Perhaps, though, one could take the family-movie angle that it is the tale of a floppy-haired bumbling posh boy with a spider's name who, hungry for power, accidentally causes a referendum by spending  years bemoaning the European Union and then has no idea what to do when the outcome he thinks he might want given his lust to become Prime Minister (but being such a bumbling flopsy, isn’t too sure) is announced. Pixar might even pick up on that one. Let's be clear, this is a man whose quote upon the 'leave' win he fought for was: "We cannot turn our backs on Europe, we are part of Europe.”

Brexit: The Movie  could also be played as an all-out horror-flick, with the central theme being the rise to prominence of an angry seperatist amphibian freak with no real plan of what to do (in any given situation) but with a penchant for divisive hate rhetoric and Animal Farm-like slogans, such as ‘Let’s Take Our Country Back’. I'm sure that one sounds all-too familiar to US ears. That version is pretty terrifying—a darkly absurdist piece of cinema, it would kick off with the assassination and the scream, ‘Britain First! Death to Traitors!’ This would then be followed by a pan to a bill-poster portraying very sad-looking people of color standing in a very long queue, and a number of speeches about the 'dangers of job-stealing migrants' from said strange toad-like creature holding a pint of lager.

But then, Brexit: The Movie could also be framed as an earnest kitchen-sink drama of ordinary working people.

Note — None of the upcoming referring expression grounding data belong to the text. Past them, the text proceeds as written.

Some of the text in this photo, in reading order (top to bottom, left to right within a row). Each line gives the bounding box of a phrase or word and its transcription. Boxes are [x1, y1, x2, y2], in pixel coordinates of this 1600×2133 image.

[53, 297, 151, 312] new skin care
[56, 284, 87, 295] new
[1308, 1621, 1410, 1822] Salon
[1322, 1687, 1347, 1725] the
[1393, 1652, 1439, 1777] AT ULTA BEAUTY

After all, if you are wondering why Britain would vote (by a very, very small margin) to be the first country to leave the European Union you need only look to people in working-class post-industrial towns who have used the referendum as some kind of emblematic vote against the establishment, largely because they are flat broke and their towns have been "shat on by Tories, shoveled up by Labour…" to quote the late Richard Griffiths in the classic British comedy Withnail & I. Perhaps someone like Ken Loach could even direct this version, in order to overturn the neo-liberal notion of some mythical, racist, educationally subnormal underclass - after all, when people have nothing, they have nothing to lose. This would feature the scheming subplot figure of the leader of the opposition,  a shambling supposed do-gooder failing to convince the blue-collar heartlands of The Left to 'remain', and then resolutely refusing to step down despite his utter ineptitude.

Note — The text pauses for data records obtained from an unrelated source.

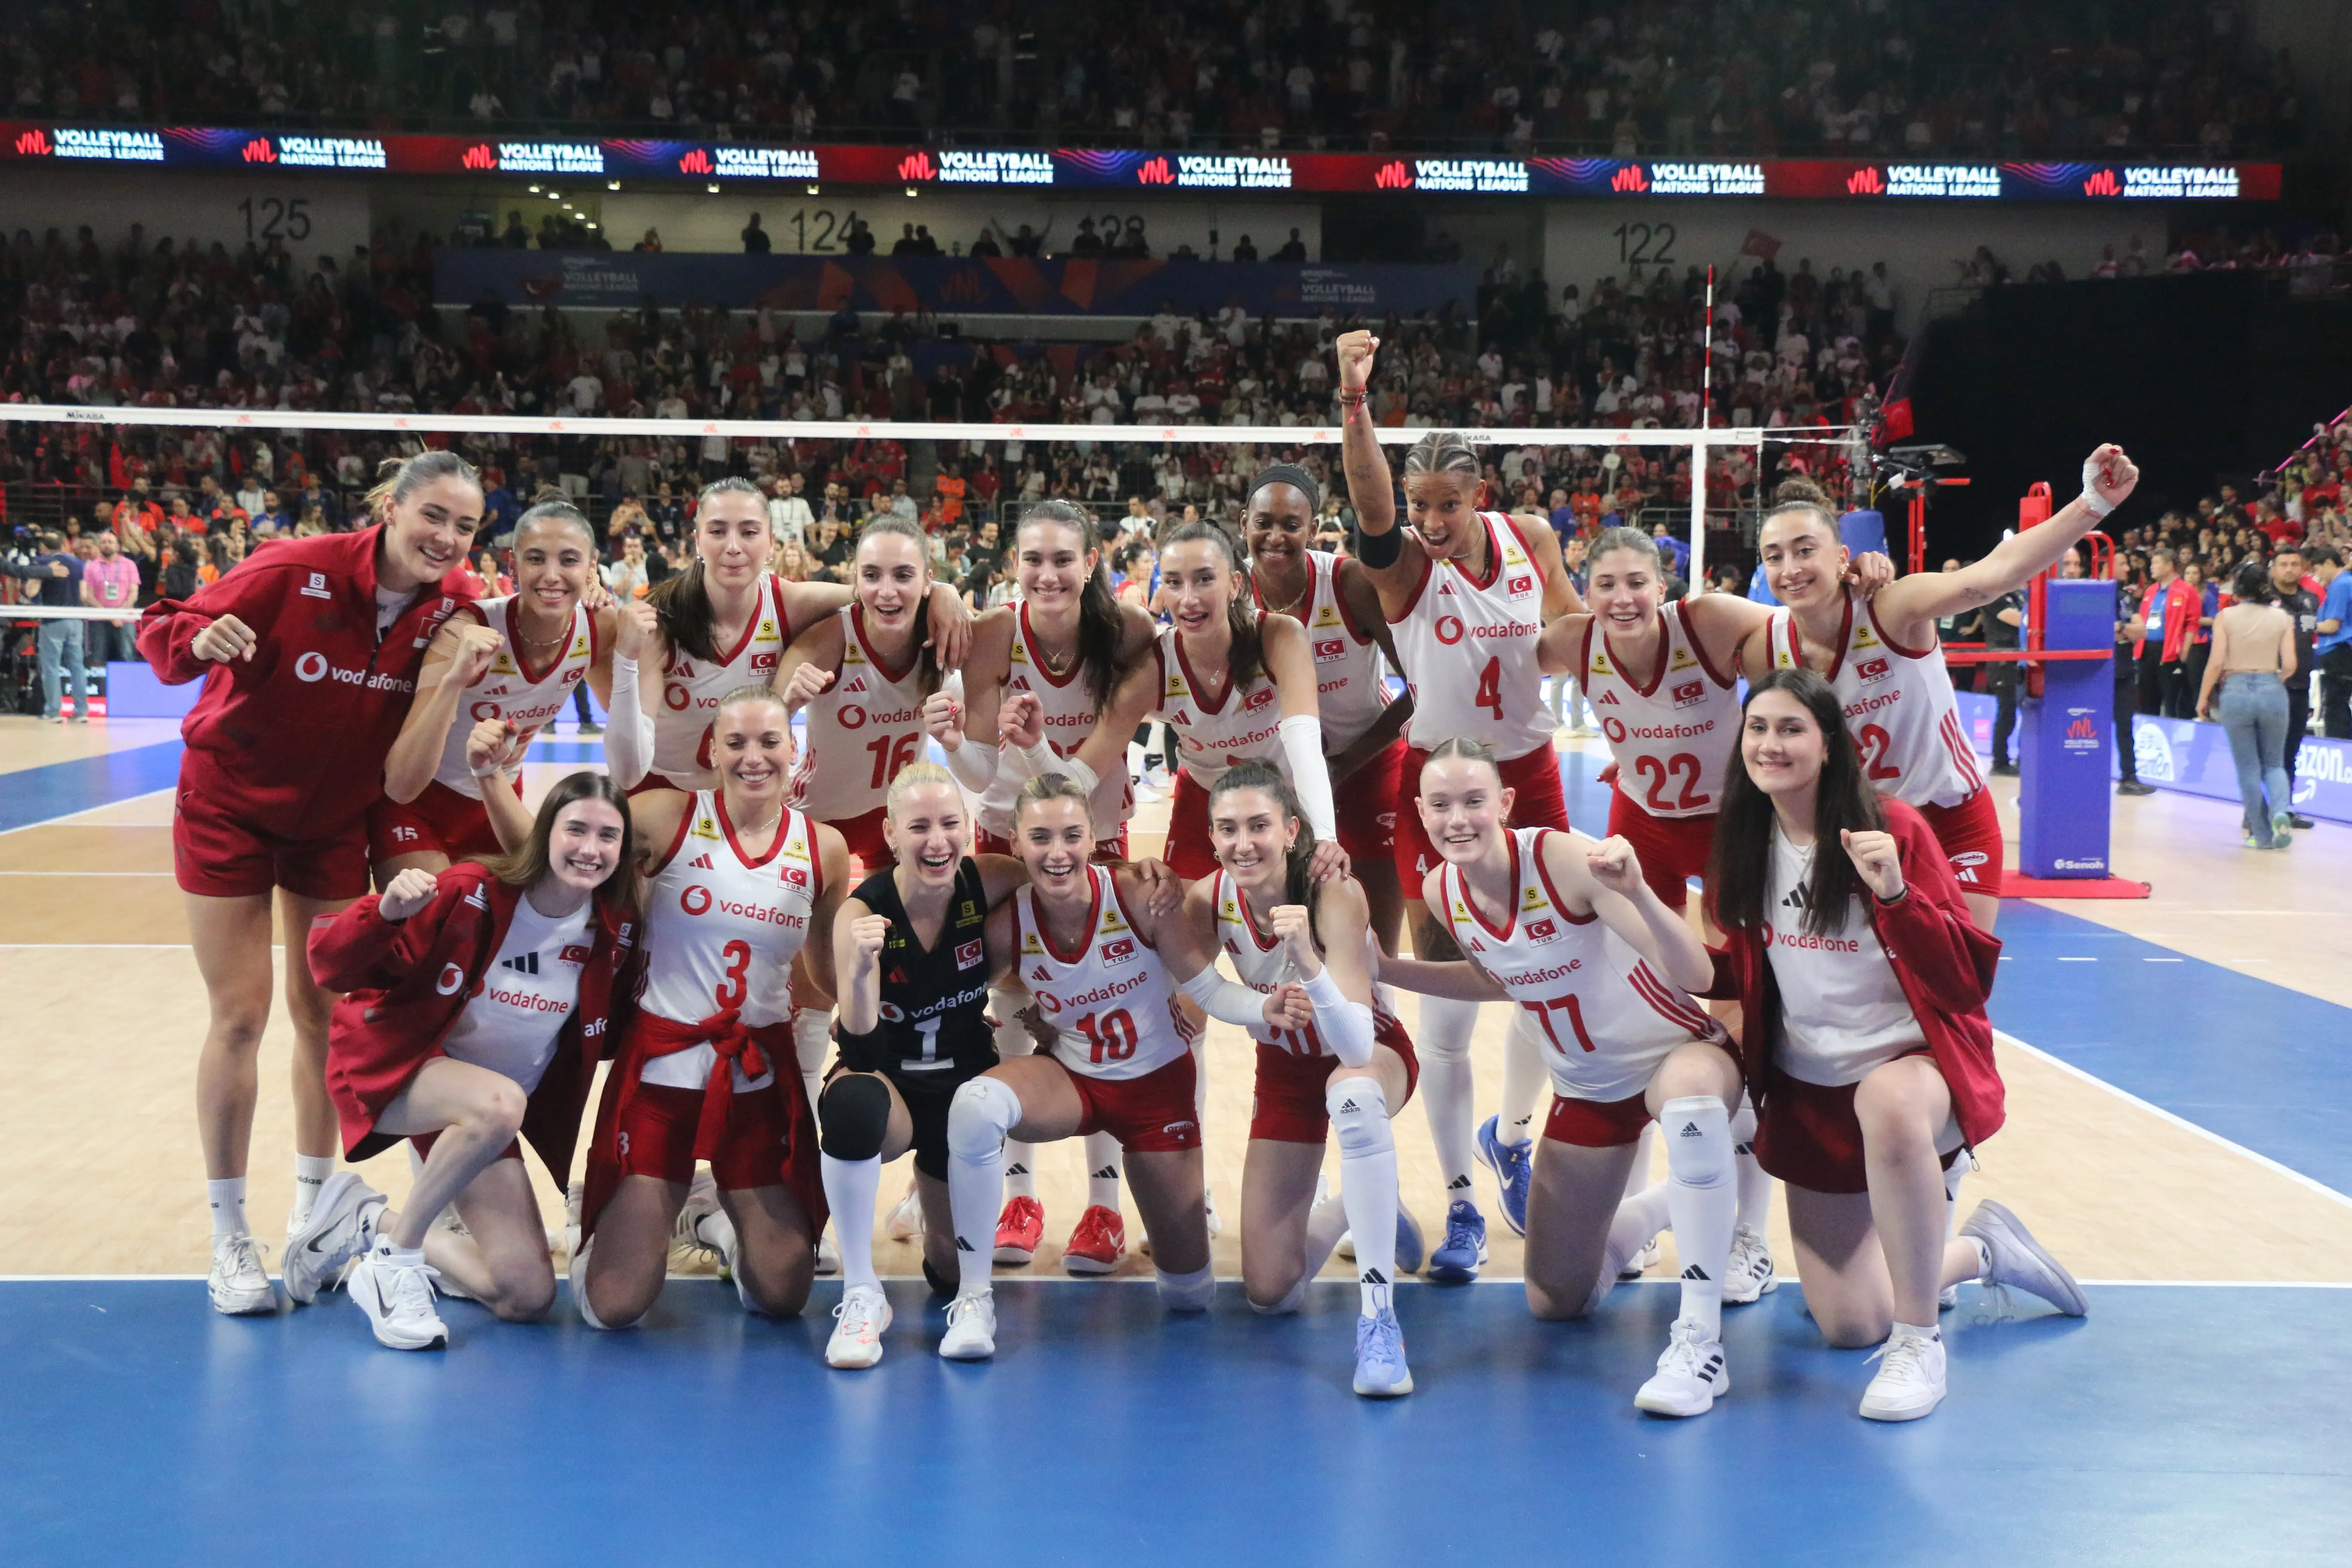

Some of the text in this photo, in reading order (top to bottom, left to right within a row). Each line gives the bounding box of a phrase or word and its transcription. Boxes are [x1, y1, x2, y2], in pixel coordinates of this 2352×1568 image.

[55, 129, 163, 148] VOLLEYBALL
[55, 145, 164, 160] NATIONS LEAGUE
[279, 138, 385, 156] VOLLEYBALL
[499, 144, 603, 161] VOLLEYBALL
[279, 152, 386, 168] NATIONS LEAGUE
[499, 158, 603, 172] NATIONS LEAGUE
[716, 149, 818, 166] VOLLEYBALL
[940, 152, 1053, 170] VOLLEYBALL
[1179, 156, 1291, 175] VOLLEYBALL
[716, 163, 818, 178] NATIONS LEAGUE
[939, 168, 1054, 183] NATIONS LEAGUE
[1416, 160, 1528, 178] VOLLEYBALL
[1652, 164, 1764, 181] VOLLEYBALL
[1888, 166, 2000, 184] VOLLEYBALL
[2125, 168, 2238, 184] VOLLEYBALL
[1178, 173, 1291, 187] NATIONS LEAGUE
[1415, 177, 1528, 191] NATIONS LEAGUE
[1651, 180, 1764, 194] NATIONS LEAGUE
[1886, 182, 2000, 196] NATIONS LEAGUE
[2123, 184, 2238, 197] NATIONS LEAGUE
[239, 197, 310, 241] 125
[790, 209, 857, 251] 124
[1613, 224, 1675, 263] 122
[314, 577, 322, 585] S
[1323, 609, 1329, 617] S
[763, 623, 770, 631] S
[1469, 621, 1537, 638] vodafone
[1859, 629, 1867, 637] S
[851, 646, 856, 654] S
[1678, 650, 1684, 659] S
[500, 655, 507, 664] S
[1868, 674, 1885, 682] TUR
[1476, 656, 1504, 720] 4
[1254, 703, 1269, 712] TUR
[1681, 697, 1699, 705] TUR
[1843, 690, 1901, 718] dafone
[507, 704, 560, 719] vodafo
[872, 707, 923, 723] vodaf
[1044, 712, 1096, 726] odafo
[1630, 720, 1714, 738] vodafone
[1850, 723, 1900, 781] 2
[867, 732, 919, 789] 16
[1635, 753, 1711, 809] 22
[704, 821, 711, 829] S
[393, 826, 418, 841] 15
[1167, 840, 1175, 861] 7
[1416, 853, 1428, 876] 4
[2065, 860, 2104, 869] Senoh
[1528, 890, 1535, 898] S
[720, 899, 803, 929] vodafone
[964, 904, 971, 913] S
[1228, 903, 1234, 911] S
[1458, 903, 1464, 912] S
[1108, 913, 1115, 922] S
[1029, 936, 1036, 944] S
[1536, 936, 1553, 944] TUR
[1778, 932, 1859, 952] vodafone
[965, 959, 978, 967] TUR
[716, 939, 751, 1009] 3
[1504, 959, 1582, 986] vodafone
[1064, 971, 1147, 1007] vodafone
[490, 988, 568, 1013] vodafone
[1520, 993, 1596, 1054] 77
[1076, 1008, 1138, 1063] 10
[619, 1132, 628, 1155] 3

Or perhaps, just perhaps, Brexit: The Movie could be shot as a short; a prelude opener to a film in which a psychopathic Oompa Loompa entrenches himself in the White House, gets over-excited about stickle bricks and and plays footsie with a nuclear arsenal—think The Hobbit before it morphs into The Lord of The Rings. The sad fact of the matter, however, is that, in absolute reality Brexit: The Movie is all these elements hashed into one ungodly mess, which has pitted a swathe of 'leavers' about to slip this mortal coil against the younger generation, who voted emphatically to 'remain'. And yet, there is still one more thing to take into consideration. The referendum is not legally binding, and means little (in law at least) without the invocation of the irreversible Article 50 of The Lisbon Treaty, which will press-the-button on the two-year process of a member state leaving the European Union into gear. The ruddy-faced leader who created the mess has at least had the decency to fall on his sword and leave that 'activation' to his, likely floppy-haired, successor. The timing, process and decision to do this have to be decided upon by Parliamentary process, so, hey, it's not over, till it's over - which begets the possibility of a sequel, or two...  However, you cut it, though, the black humor at the heart of this fiasco is that the referendum that shall hereto and forevermore be known as Brexit, never really needed to happen, and that’s its tragedy—it’s just a very, very bad idea that snowballed. Don't let that happen here.